Again, I did my best to take the high road. Sometimes, that road is downright exhausting. I didn't take this job because I'm made of impermeable stone. I know it's popular to paint critics as self-important jerkwads who sit around compiling lists of all-purpose insults, but I've met a fair number of critics now and I have never met that critic. What I have met are theatre geeks who adore the art form and know how effing great it can be. It's not only I who spends months looking forward to writing his or her annual "best of local theatre" awards column. I doubt I'm the only critic who spends twice as long writing a negative review as he or she takes writing a positive one. And boy, do I understand the temptation to soft-pedal or obfuscate or downright perjure oneself to avoid writing unflattering reviews. I enjoy being liked as much as the next guy. Trouble is, I also have this insane OCD aspect to my personality, and it demands that if I intend to fulfill this job, I have no other choice but to do it as I know it's supposed be done. And if you think it's the job of a reviewer to avoid talking smack about artists' work, then check out Richard Roeper's review of Night at the Museum 3 . With the passing of Roger Ebert, Roeper's probably the best-known critic in America. Folks like them were my role models, not hometown Dick that I was telling you about earlier.
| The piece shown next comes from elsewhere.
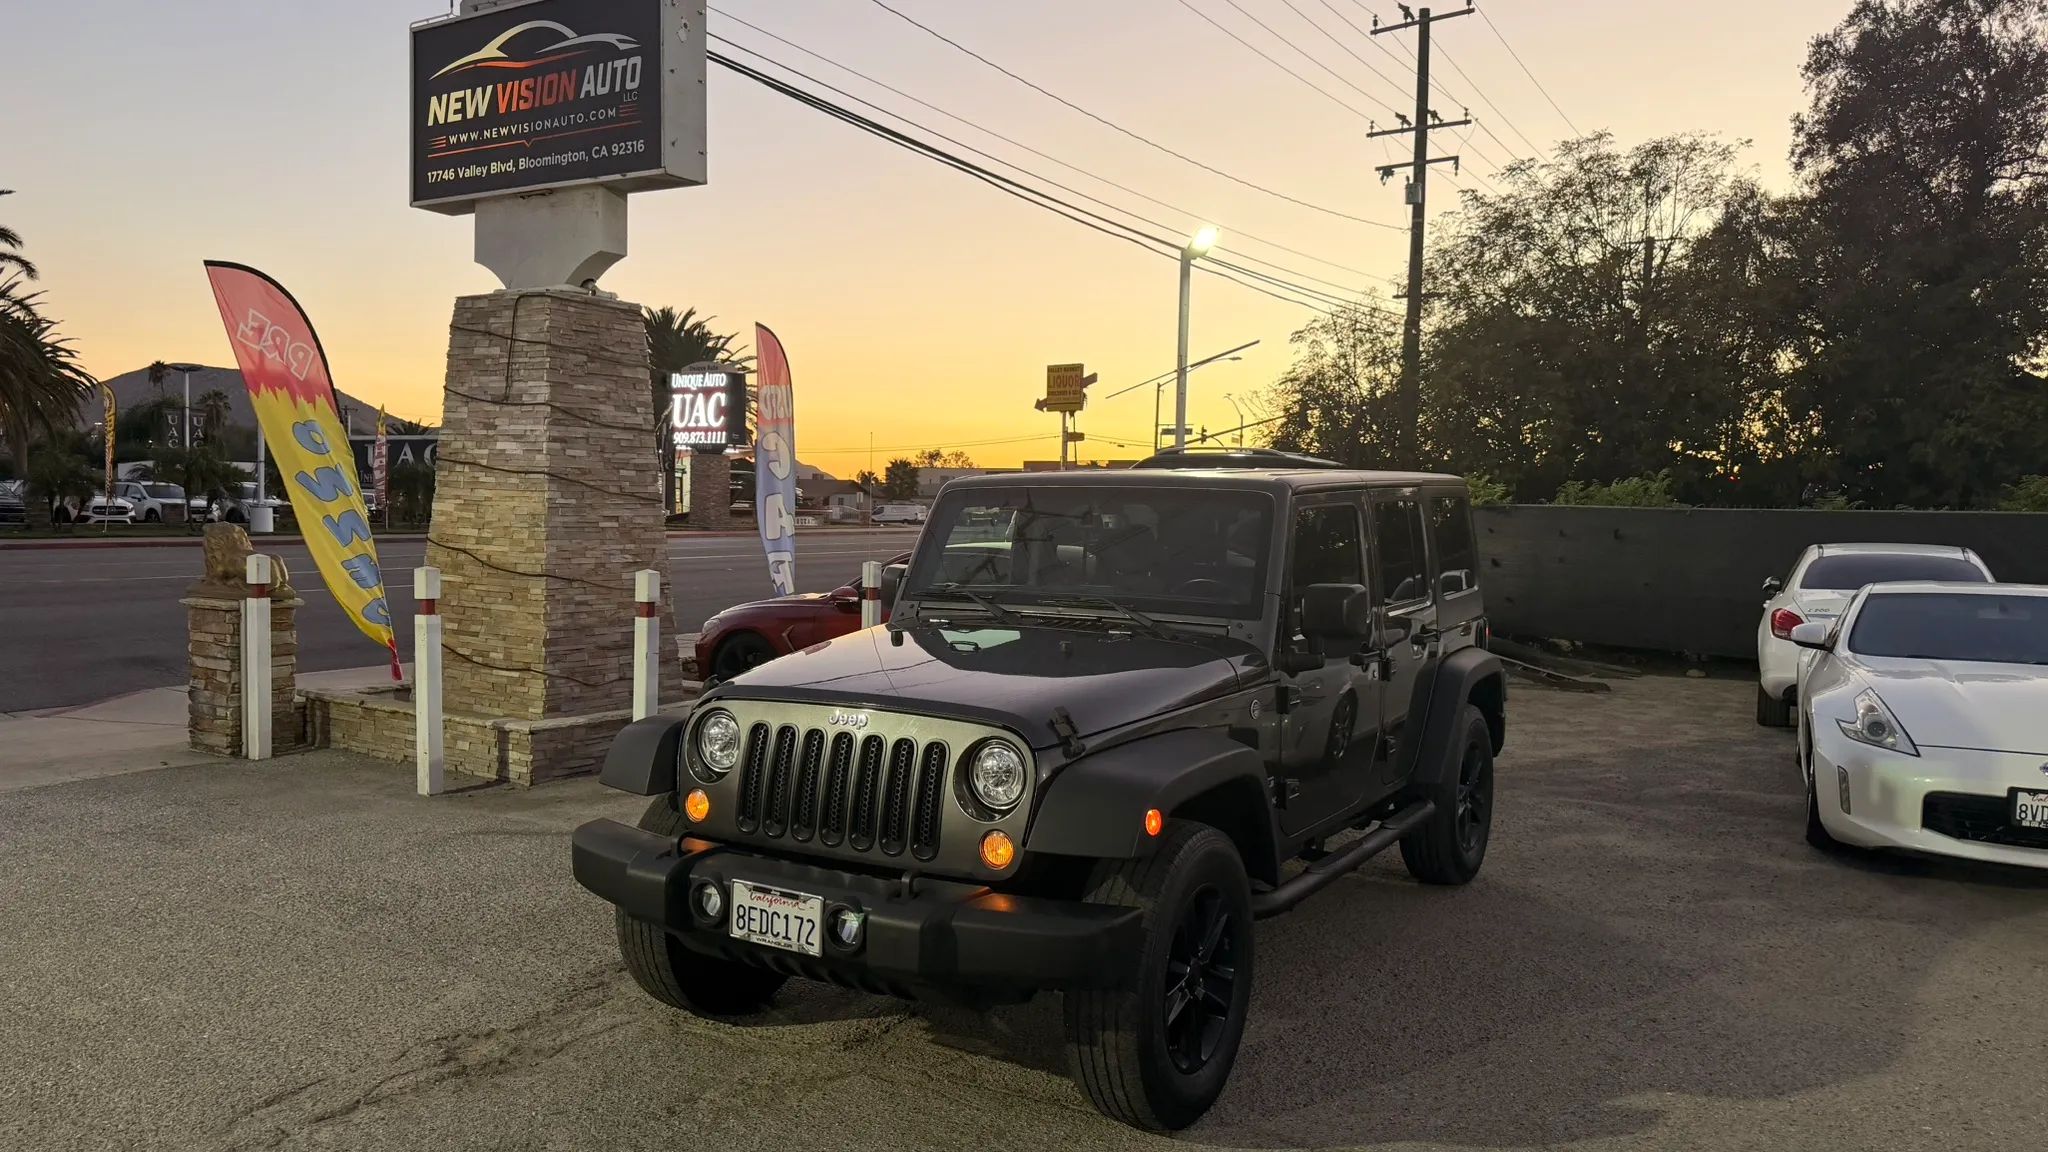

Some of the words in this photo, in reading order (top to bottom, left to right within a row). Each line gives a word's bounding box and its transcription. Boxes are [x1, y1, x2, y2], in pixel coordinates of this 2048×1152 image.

Anyway, this may be my last chance to write about this stuff, possibly ever, so allow me to debunk a few common responses. Here's a list of reasons people claim I reviewed their work negatively.
1. He's just mean.
I do have a mean side. I admit that, and not without shame. I often laugh at mean jokes and have been known to express such myself. I'm an easy laugh, an easy cry, and equal parts romantic and cynic. Of course, I could say much the same about you, more than likely. I suspect a truly mean person would derive some pleasure from hurting other artists' feelings. I do not.
2. He plays favorites.
Ask director Pug Bujeaud about that sometime. Ask Chris Serface or John Munn. Ask them how being my friends shielded them from negative reviews. Or, for that matter, peruse this year's Carvy awards  list, in which I gave justly-deserved recognition to folks who were cursing my name at the time.
3. He should be more supportive of theatre.
That's like saying the only way of being supportive of theatre is to suck up to everyone who makes it. Come on. You know better than that. If I agreed with that idea, I'd be doing a disservice to all the teachers and directors who were hard on me over the years, then reveled as I got better and prospered in the arts. They were being supportive. They supported me with honesty, at times brutal honesty. I needed that. You know artists need that. Without it, we're too lazy and self-defensive and we allow ourselves (and our art form) to stagnate.
4. He doesn't know what he's talking about.
See, there you go insulting my teachers again. I guess you're entitled to your opinion, but I can promise you I did not find my degrees or résumé at the bottom of a Cracker Jack box.
5. He wanted to hate that show.
As I've said a million times, I never want to hate any show. I value my time too much for that. It's more fun seeing great shows and extolling them in print.
6. He expected to hate that show.
Maybe. Do you expect to love every film playing at your local cineplex? Is it possible you're more drawn to comedies, for example, than to torture-porn horror films? Do you suspect the next Transformers epic might be less than a classic of its form? I grant you no one's fully objective about anything; I concede I'm more drawn to edgy dramas than to camp. But please, give me this if nothing else: I'm open to having my mind changed. The play I named show of the year in 2014 was a camp homegrown musical. The play I expected to love most, it turned out, underwhelmed me. I reviewed the show I saw, not the show I expected to see. Make it good, and you were probably in the clear no matter how I felt driving into the parking lot.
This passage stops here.